Let $${X_n}$$ be an IID sample such that $${X_i} \sim N(\mu,\sigma^2)$$. When both $$\mu$$ and $$\sigma$$ are unknown, we construct $$t(\hat{\mu},s)=\dfrac{\sqrt{n}(\hat{\mu}-\mu)}{s}$$, where $$s$$ is the sample standard deviation.

The statistic $$t(\hat{\mu},s)$$ follows t-distribution exactly. I wish to know the asymptotic distribution of $$t(\hat{\mu},s)$$.

I understand that by Continuous Mapping theorem under certain conditions, if $$\hat{\mu} \xrightarrow{d} X \sim N(\mu,\sigma^2/n)$$ then $$h(\hat{\mu}) \xrightarrow{d} h(X)$$. However, in case of $$t(\hat{\mu},s)$$, it is a function of two random variables. So how to derive its asymptotic distribution?

I also checked Slutsky's theorem. That also requires that at least one of $$\hat{\mu}$$ and $$s$$ should converge to a constant. Now by CLT, both converges in distribution to a random variable with normal distribution. However, by combining LLN we may say that $$s \xrightarrow{p} \sigma$$. Would it be the right way to go?

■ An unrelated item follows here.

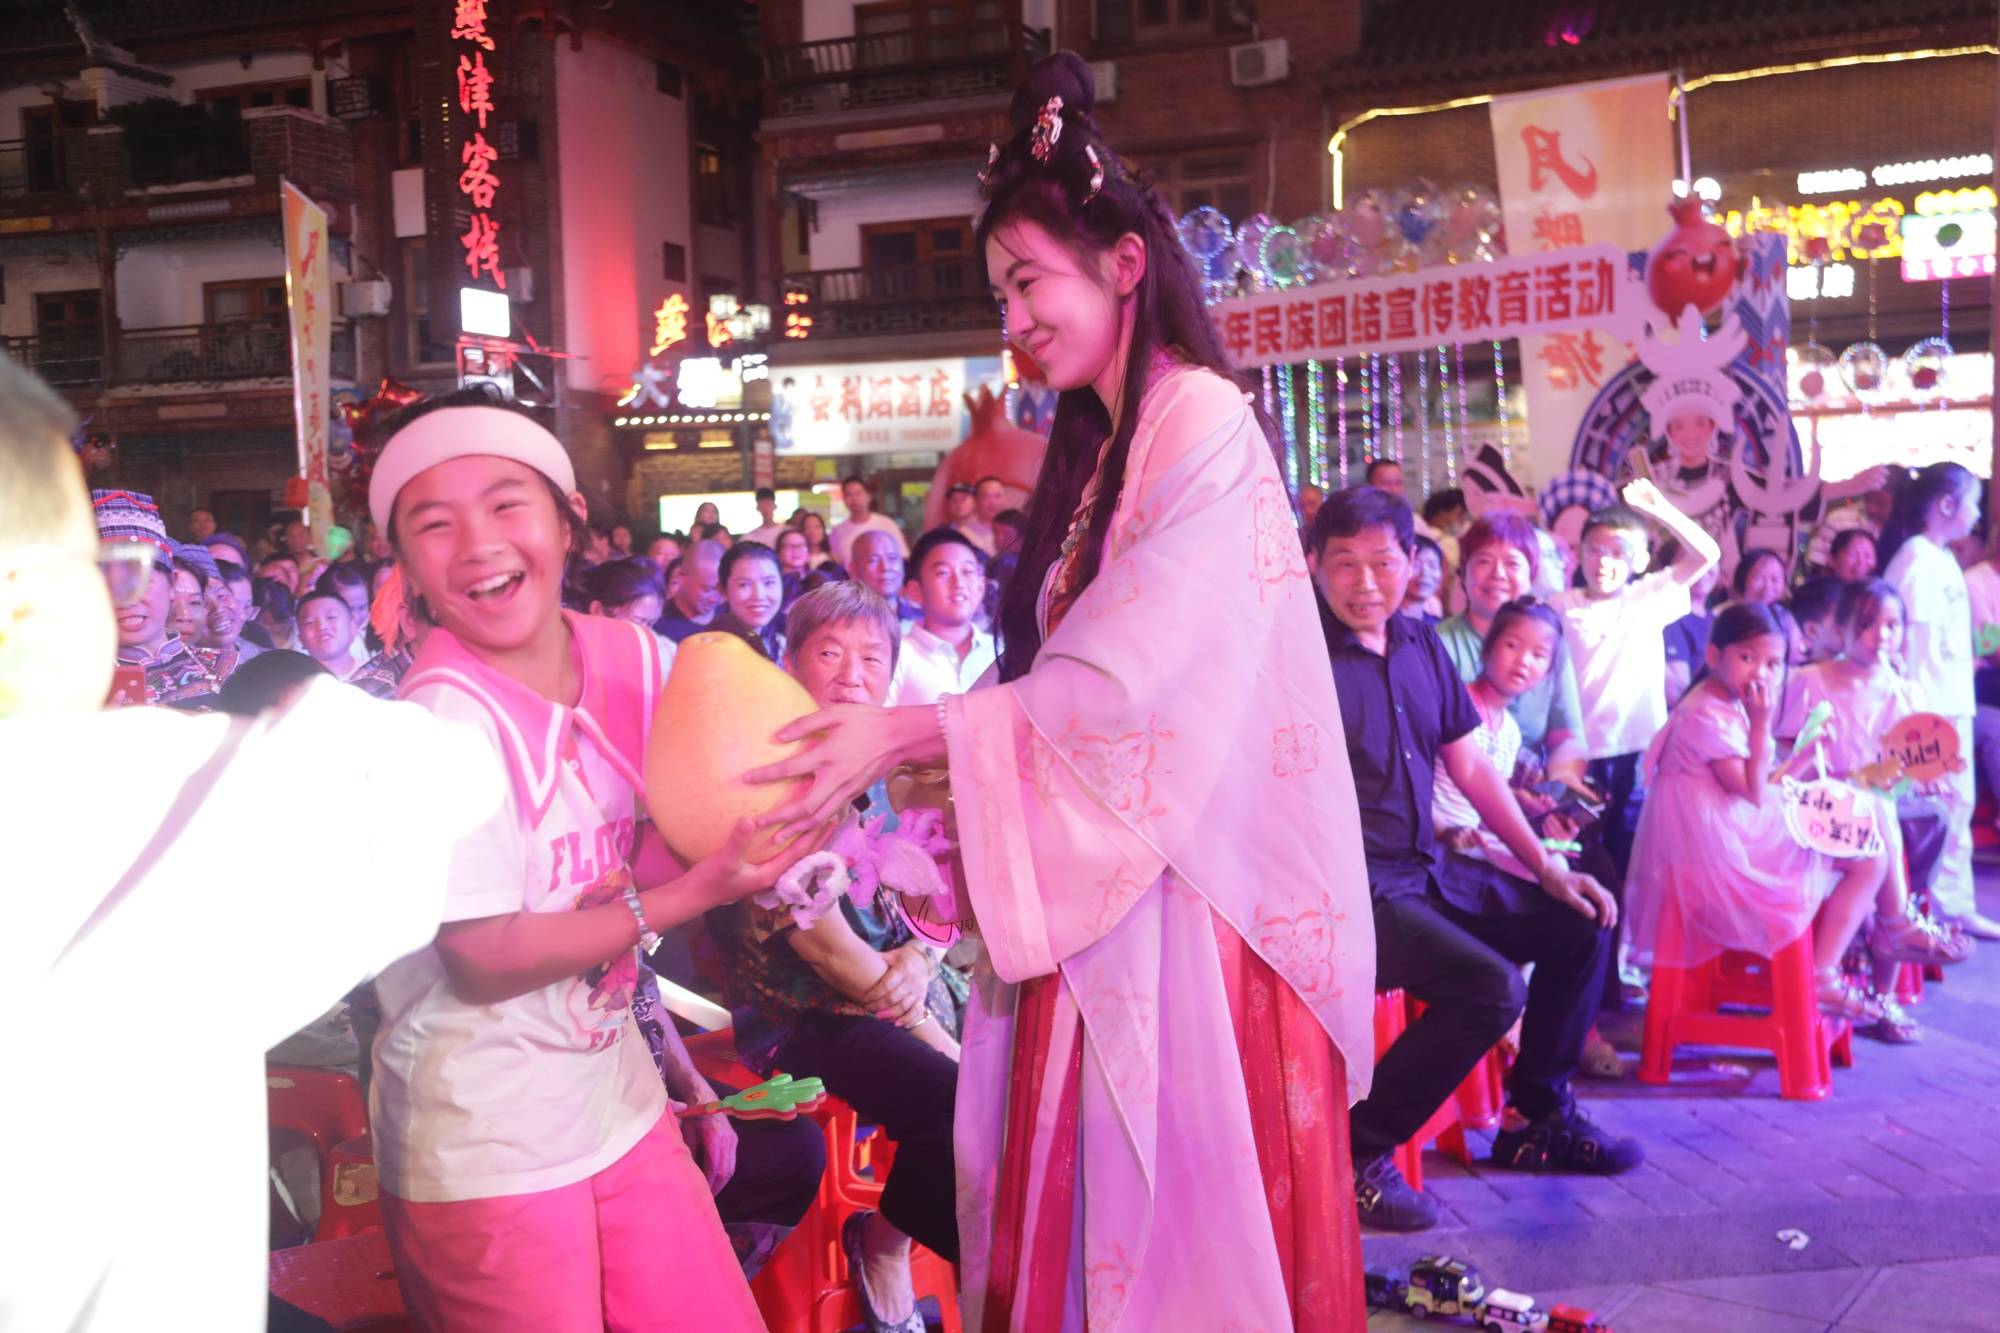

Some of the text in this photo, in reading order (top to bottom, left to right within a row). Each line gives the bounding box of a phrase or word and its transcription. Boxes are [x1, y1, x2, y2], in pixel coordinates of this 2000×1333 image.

EDIT: As pointed out in the second comment this is not a duplicate of this. Seemingly $$s$$ converged in probability to a constant but to a random variable in distribution. This was the main doubt that whether it was okay to ignore the convergence in distribution.

• Mar 30, 2019 at 19:26
• @StubbornAtom : I don't agree that this is a duplicate, since this question asks where the gaps are in a proposed argument, rather than just asking what the argument is. Mar 30, 2019 at 20:09
• What is the difference between $\hat \sigma$ and $s$? Apr 1, 2019 at 14:35
• No difference. Used $\hat{\sigma}$ by mistake. Corrected now. Apr 2, 2019 at 0:52

It is not correct that $$\widehat\mu$$ and $$s$$ fail to converge in distribution to constants, nor that CLT implies that.
\begin{align} & \frac{\widehat\mu - \mu}{\sigma/\sqrt n} \overset d \longrightarrow \operatorname N(0,1) \\[8pt] \text{and } & \sqrt{n-1} \left. \left(\dfrac{s^2}{\sigma^2}-1\right) \right/\!\!\sqrt 2 \overset d \longrightarrow \operatorname N(0,1). \end{align}
It can be shown to follow that $$\widehat\mu$$ and $$s$$ converge in distribution to $$\mu$$ and $$\sigma$$ respectively.